Это первое и принципиальное формулирование эйдетического экстаза полностью соответствует тому состоянию, что было описано Эйзенштейном в 1932 году в Мексике в «Конспекте для статьи Аниты Бреннер…», где он определил его целевое, визуальное и теоретическое измерения, глубоко связанные со временем и зрителем. Это — формулировка экстаза, в котором по возможности достигается «maximum приближения (по крайней мере, в намерениях и установках) к объективно-диалектическим принципам»[390].

Другой полюс экстаза близок идее избыточности, регрессивного импульса, направленного к неопределенности, расплывчатому смешению элементов, чувственно воспринимаемой непосредственности пафоса. Это антидиалектическое измерение отсылает к плеяде таких мыслителей, как Ницше, Фрейд, Батай. Второе «субъективно-личностное» измерение экстаза находит свое наиболее очевидное воплощение в мексиканских рисунках Эйзенштейна с их экстремальной жесткостью и семантической двусмысленностью.

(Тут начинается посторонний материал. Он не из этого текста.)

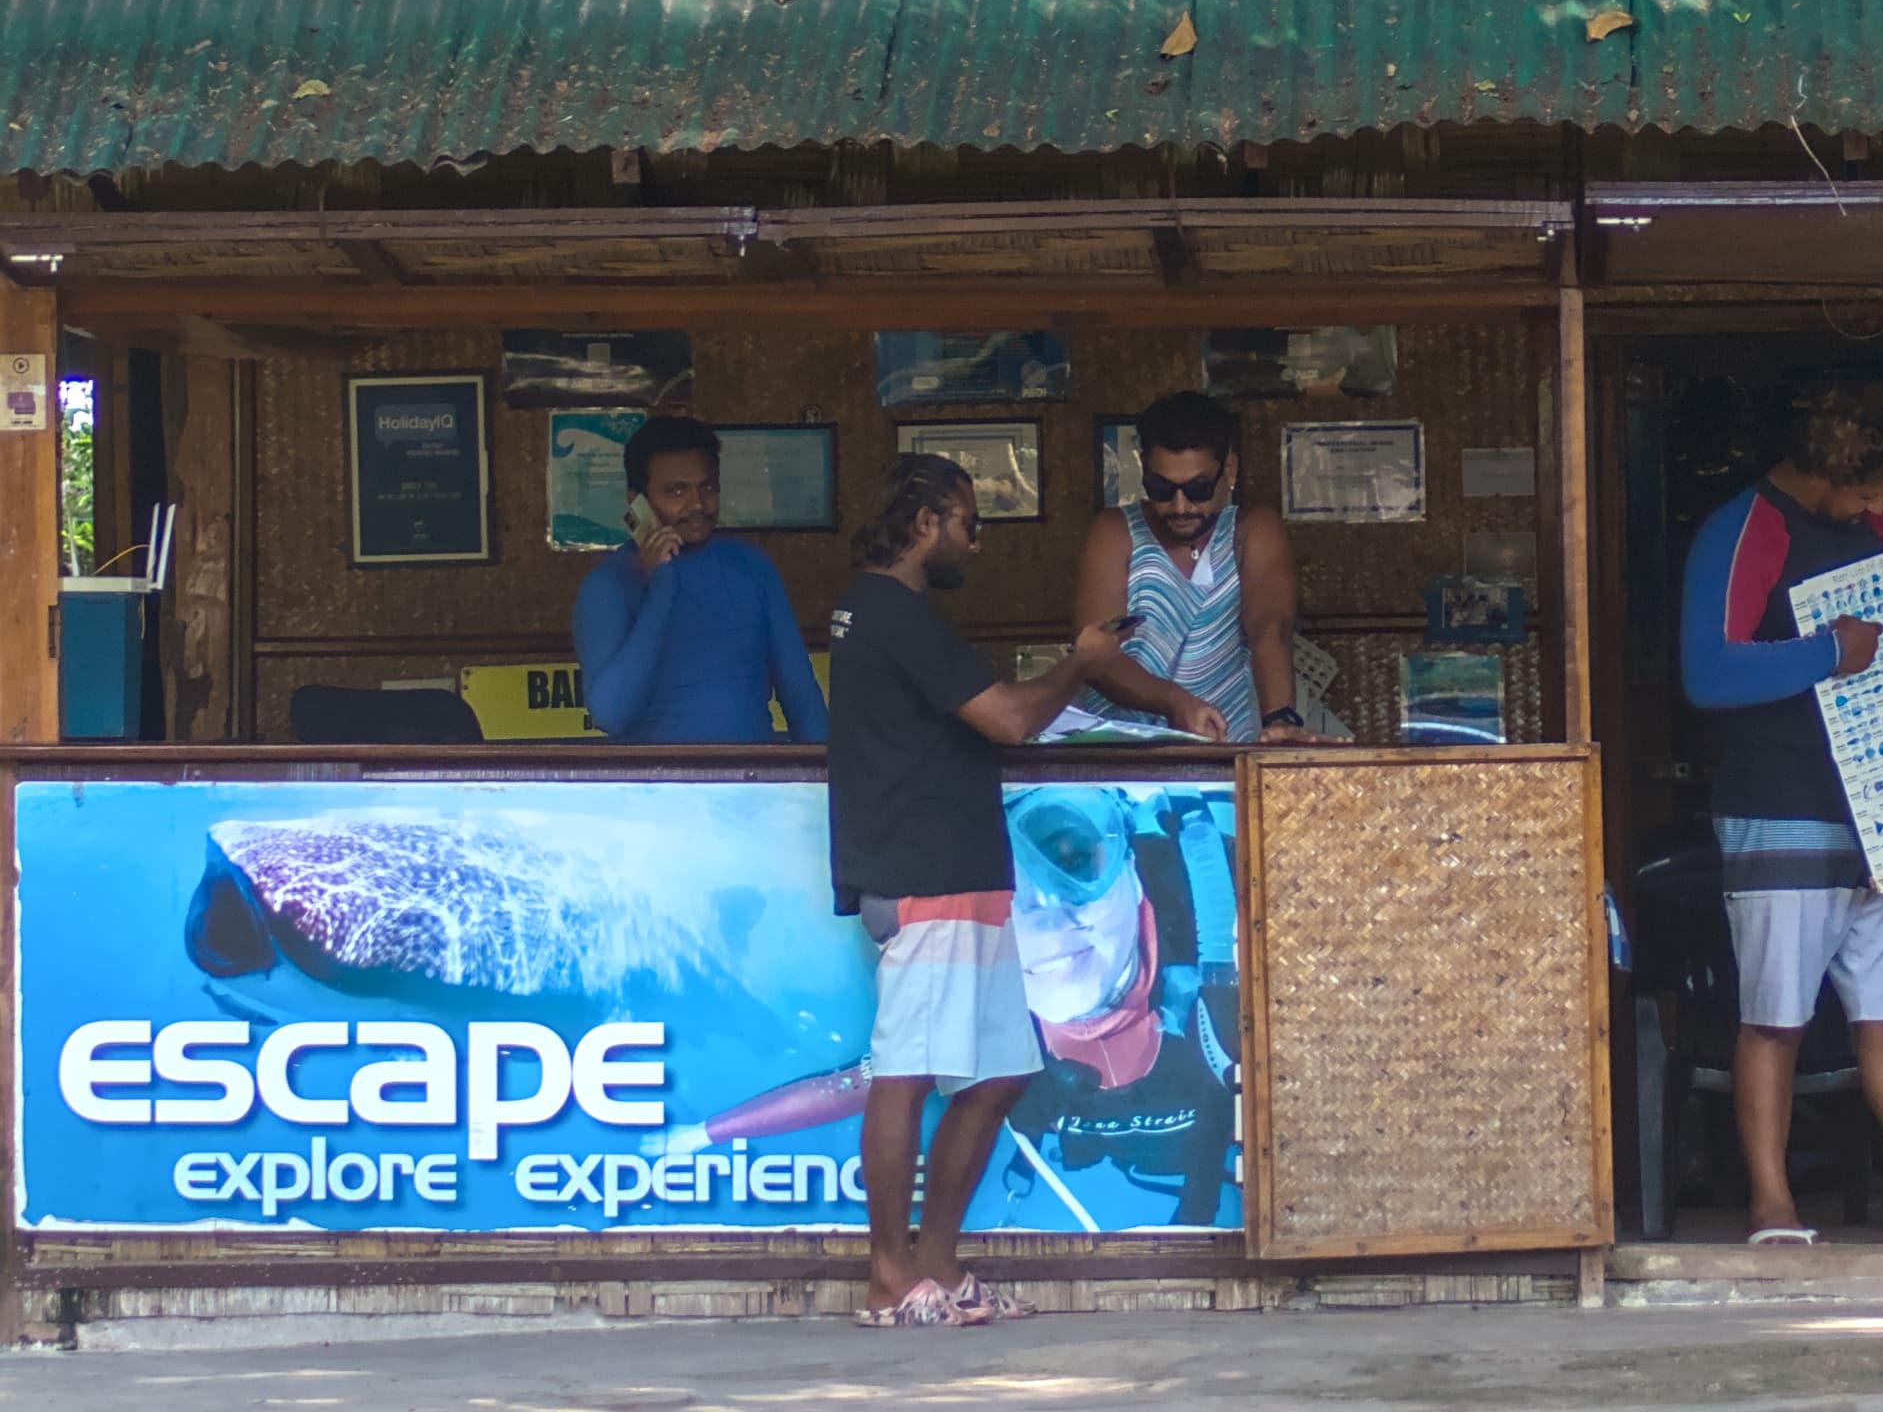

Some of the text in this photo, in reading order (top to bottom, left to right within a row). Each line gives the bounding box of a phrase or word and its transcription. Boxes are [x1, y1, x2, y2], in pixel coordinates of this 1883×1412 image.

[58, 1019, 666, 1162] escape
[173, 1136, 926, 1218] explore experienc

Особый интерес представляет рисунок в письме, адресованном Леону Муссинаку. На нем изображен полуобнаженный лежащий мужчина с выпирающим животом и вставшими дыбом волосами. Раскинутые руки и ноги привязаны к четырем коням, которые тащат его в разные стороны и вот-вот разорвут на части. Рисунок озаглавлен «Эйзенштейн, четвертованный своими увлечениями». Это ироничный автопортрет, где автор в виде известной средневековой пытки визуализирует свою неизбывную способность разрываться между разными сферами деятельности и культурных интересов. Эйзенштейн часто ссылается на муки от своей эрудиции и от ненасытной любознательности, которую он не может укротить и поставить себе на службу. Более того, он ясно осознавал, что у него набралось гораздо больше проектов в набросках и черновиках, чем законченных работ, как будто некая сила инерции тормозила их реализацию. Эта деструктивная сила, видимо, эквивалентна центробежной тенденции, она заставляет его двигаться сразу во всех направлениях, и он ее визуализирует в таком образе боли и смерти, как будто осознавая утрату цели. Этот образ граничит с риском разрушения органичности структуры произведения. Он выявляет жертвенное и жестокое измерение, в котором Эйзенштейн отдавал себе отчет: «Жестокость, не нашедшая своего приложения к мухам, стрекозам и лягушкам, резко окрасила подбор тематики, методики и кредо моей режиссерской работы.

Действительно, в моих фильмах расстреливают толпы людей, дробят копытами черепа батраков, закопанных по горло в землю, после того как их изловили в лассо („Мексика“), давят детей на Одесской лестнице, бросают с крыши („Стачка“), дают убивать их своим же родителям („Бежин луг“), бросают в пылающие костры („Александр Невский“); на экране истекают настоящей кровью быки („Стачка“) или кровяным суррогатом артисты („Потёмкин“); в одних фильмах отравляют быков („Старое и новое“), в других — цариц („Иван Грозный“); расстрелянная лошадь повисает на разведенном мосту („Октябрь“) и стрелы вонзаются в людей, распластанных вдоль тына под осажденной Казанью»[391].